The solution we developed leverages one thing that was already in place
--- a community developed and agreed-upon biodiversity metadata standard
called the Darwin Core. We talked about how we have leveraged the
Darwin Core in our last blog post, and how we have formalized Darwin
Core "categories" (or classes), and derived relationships between them.

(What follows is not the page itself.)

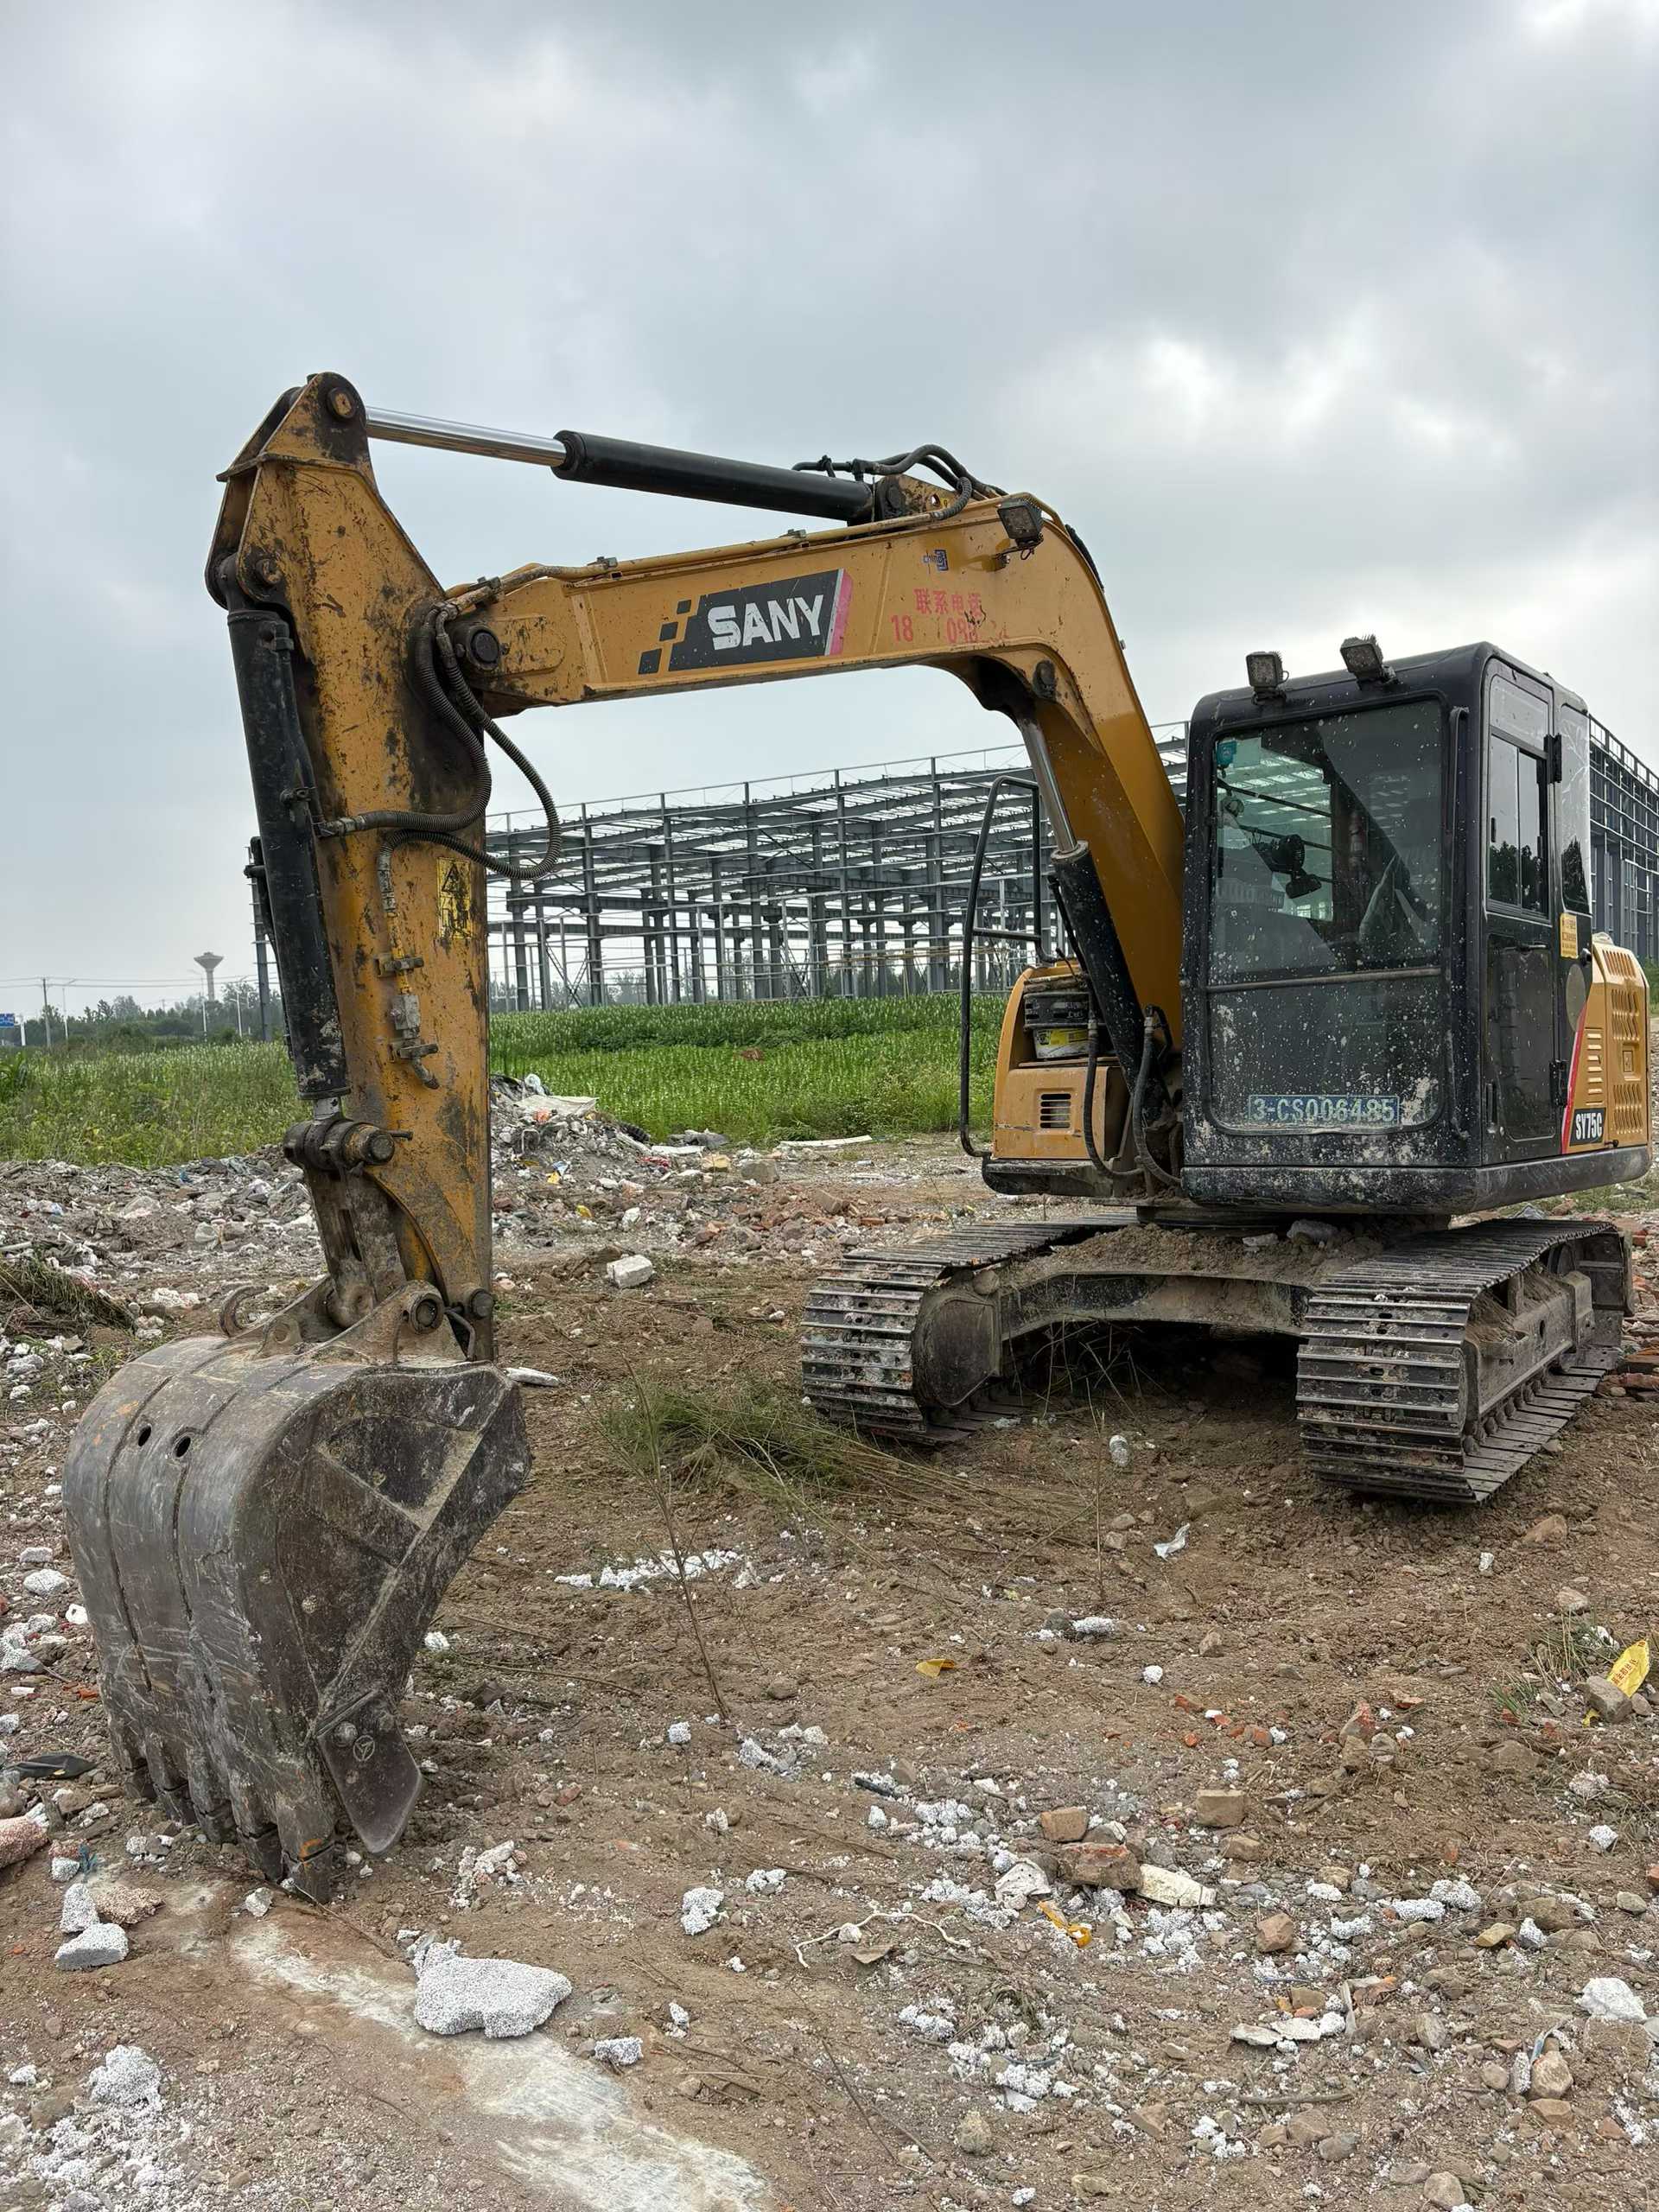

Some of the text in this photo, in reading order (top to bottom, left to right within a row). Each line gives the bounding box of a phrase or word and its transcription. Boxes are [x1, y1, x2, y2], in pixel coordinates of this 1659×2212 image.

With this piece of the puzzle complete, we now have a working tool
called the Triplifier. The Triplifier takes a Darwin Core Archive,
which contains some self-describing metadata about the document along
with data, and converts those data to RDF. Darwin Core Archives are
particularly useful because all the data in such archives is already in
a standard form.
Darwin Core Archives are available for download from sources such as the
VertNet IPT (http://ipt.vertnet.org <http://ipt.vertnet.org/>), or the
Canadensys IPT (http://data.canadensys.net/ipt/
<http://data.canadensys.net/ipt/>). Just download any Darwin Core
Archive you want, load the occurrence.txt file into the Triplifier
(which we have yet to deploy to production yet, but try out the
development server here: http://geomuseblade.colorado.edu/triplifier/
<http://geomuseblade.colorado.edu/triplifier/> ) via the "File Upload:"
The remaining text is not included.